Warum nicht einen Sichtschutz aus gepaltenen Haselruten selbst flechten, anstatt eine billige, chemisch imprägnierte Flechtwand im Baumarkt zu kaufen? Warum nicht für den Bauerngarten einen stilechten Zaun, ebenfalls aus Haselruten, bauen?
Brennnesselspinat schmeckt köstlich, ist nahrhaft und gesund. Löwenzahnsalat ist für den, der ihn nicht gewohnt ist, etwas streng im Geschmack, dafür knackig und vitaminreich. Giersch passt wie wiederum auch die Brennnessel gut in Rührrei oder Kräuterreis.

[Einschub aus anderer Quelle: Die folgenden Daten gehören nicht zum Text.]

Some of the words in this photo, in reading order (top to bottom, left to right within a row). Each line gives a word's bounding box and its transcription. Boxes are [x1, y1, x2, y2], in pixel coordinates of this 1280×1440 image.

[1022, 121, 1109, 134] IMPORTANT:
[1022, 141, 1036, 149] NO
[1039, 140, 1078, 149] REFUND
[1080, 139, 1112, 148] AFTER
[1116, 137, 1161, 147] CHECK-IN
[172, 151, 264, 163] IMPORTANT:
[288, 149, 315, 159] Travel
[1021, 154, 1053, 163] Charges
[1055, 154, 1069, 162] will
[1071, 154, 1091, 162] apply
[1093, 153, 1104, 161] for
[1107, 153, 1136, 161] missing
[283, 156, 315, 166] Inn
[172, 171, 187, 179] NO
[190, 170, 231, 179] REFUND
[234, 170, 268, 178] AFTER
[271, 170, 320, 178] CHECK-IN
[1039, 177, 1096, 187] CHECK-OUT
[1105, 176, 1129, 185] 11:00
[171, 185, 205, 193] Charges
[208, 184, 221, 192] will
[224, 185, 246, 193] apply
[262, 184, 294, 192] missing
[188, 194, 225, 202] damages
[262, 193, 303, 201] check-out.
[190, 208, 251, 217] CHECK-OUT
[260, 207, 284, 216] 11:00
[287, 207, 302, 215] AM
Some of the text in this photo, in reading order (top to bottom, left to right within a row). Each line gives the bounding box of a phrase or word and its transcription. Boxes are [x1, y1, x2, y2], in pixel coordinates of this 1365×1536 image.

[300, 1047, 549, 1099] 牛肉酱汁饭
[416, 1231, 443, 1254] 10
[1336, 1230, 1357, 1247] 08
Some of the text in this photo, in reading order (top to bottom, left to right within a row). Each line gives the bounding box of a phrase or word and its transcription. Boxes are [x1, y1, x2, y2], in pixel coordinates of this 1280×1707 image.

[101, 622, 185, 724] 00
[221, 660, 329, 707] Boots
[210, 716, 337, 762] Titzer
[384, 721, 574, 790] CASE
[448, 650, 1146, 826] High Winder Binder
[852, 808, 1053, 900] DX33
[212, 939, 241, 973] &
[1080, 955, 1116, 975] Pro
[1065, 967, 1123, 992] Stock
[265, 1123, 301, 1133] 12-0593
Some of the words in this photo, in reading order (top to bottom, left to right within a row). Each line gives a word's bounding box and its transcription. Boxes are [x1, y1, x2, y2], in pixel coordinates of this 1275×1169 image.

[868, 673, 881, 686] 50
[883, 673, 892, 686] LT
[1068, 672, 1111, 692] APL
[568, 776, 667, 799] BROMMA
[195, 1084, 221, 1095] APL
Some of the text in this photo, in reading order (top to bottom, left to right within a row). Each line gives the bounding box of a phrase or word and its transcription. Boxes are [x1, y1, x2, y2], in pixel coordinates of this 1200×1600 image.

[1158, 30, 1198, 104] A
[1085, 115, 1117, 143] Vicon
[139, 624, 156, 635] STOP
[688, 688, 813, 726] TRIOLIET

Auch im Garten sollte man die Wildpflanzen ruhig zulassen. Viele kann man im Kräutergarten gezielt anpflanzen, andere kommen von ganz allein. So mancher, der „Unkraut“ vertilgt, hat gar keine Ahnung, was für wertvolle Pflanzen er vernichtet. Zum Glück gibt es viele wertvolle Pflanzen im Überfluss: Zitronenmelisse, Pfefferminze und Bärlauch habe ich jedes Jahr wieder, ohne das ich mich darum zu kümmern brauche – Löwenzahn und Brennnesseln sowieso. Im Rasen schadet Spitzwegerich genauso wenig wie Rotklee oder Gänseblümchen. Natürlich muss man die Wildpflanzen nicht zwischen dem Gemüse haben, aber wenn man sie dort sowieso entfernt, kann man sie auch nutzen, anstatt sie direkt auf den Kompost zu werfen.